三星(サムスン)電子の労働組合が21日から18日間のストライキ実施を予告する中、シン・ジェユン取締役会議長は5日、社内掲示板を通じて「ストが始まれば国家経済に深刻な悪影響を及ぼす」とし、円満な解決を呼びかけた。「最近の会社の状況で心配をかけて申し訳ない」としたうえで、「ストが始まれば労使とも立ち行かなくなる」と懸念を示した。
シン氏は「国家基幹産業である半導体事業は、タイミングと顧客の信頼が核心だ」とし、「開発や生産の支障、納期未遵守などが発生した場合、根本的な競争力を失い、競合他社への顧客流出により市場支配力を喪失することが懸念される」と指摘した。。
さらに「大規模なスト損失と顧客離れで企業価値が下落すれば、株主や投資家、従業員、地域社会に深刻な損失をもたらす」とし、「数百億ドル規模の輸出や数十兆ウォンの税収が減少し、ウォン安を招いて国内総生産(GDP)が縮小するなど、国家経済にも重大な影響を与える」との見方を示した。
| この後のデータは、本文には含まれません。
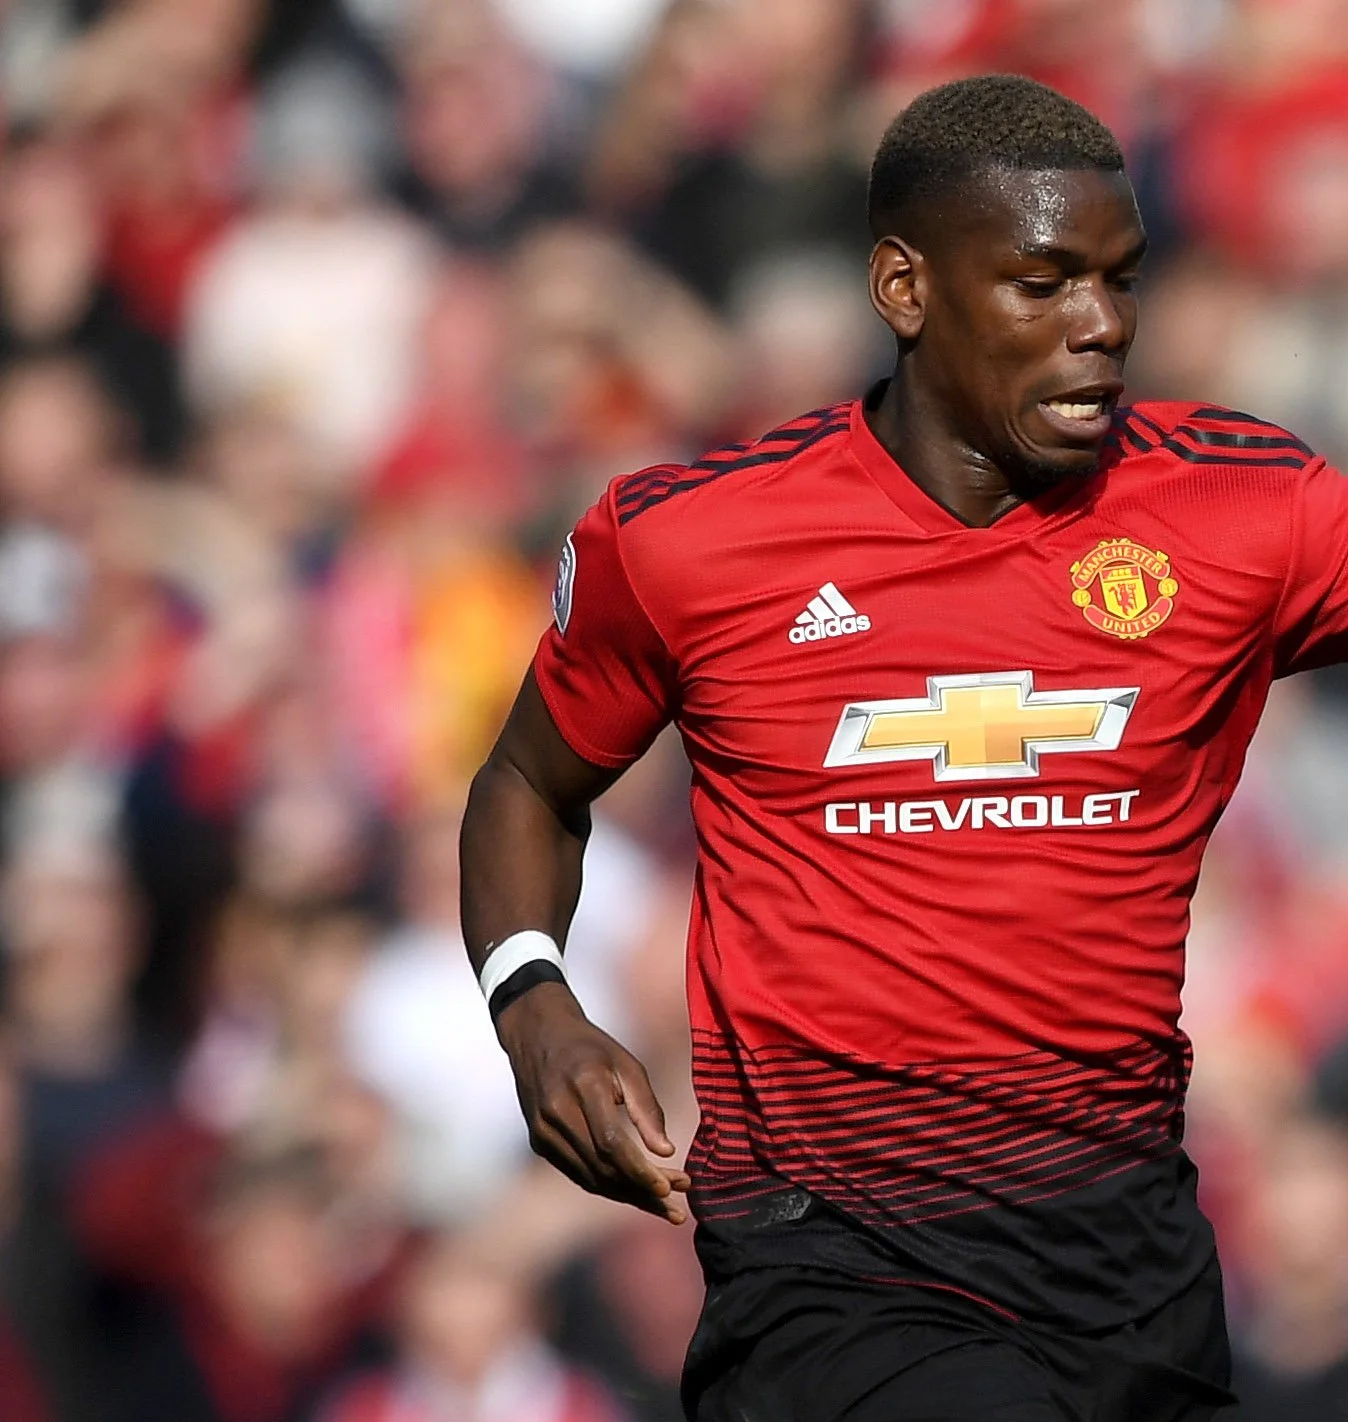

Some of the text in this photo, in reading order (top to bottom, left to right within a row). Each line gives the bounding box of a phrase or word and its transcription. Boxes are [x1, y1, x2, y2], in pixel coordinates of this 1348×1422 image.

[1078, 547, 1163, 582] MANCHESTER
[788, 614, 872, 644] adidas
[1102, 611, 1161, 633] UNITED
[825, 789, 1141, 834] CHEVROLET
これに先立ち労組は、ストが実施された場合、同社の経済的損失が20兆~30兆ウォンに達すると主張している。現在労組が求める成果給の財源である年間営業利益の15%は、今年の予想営業利益を基準にすると約45兆ウォンに上る見通しで、昨年の研究開発(R&D)費(37兆ウォン)を上回る規模となる。
シン氏は「持続可能な成長のためには、今こそ全社員が力を合わせ、誠実な対話で問題を解決すべき時だ」とし、「今回の対立を今後のより建設的な労使関係構築の土台とするよう共に努力しよう」と強調した。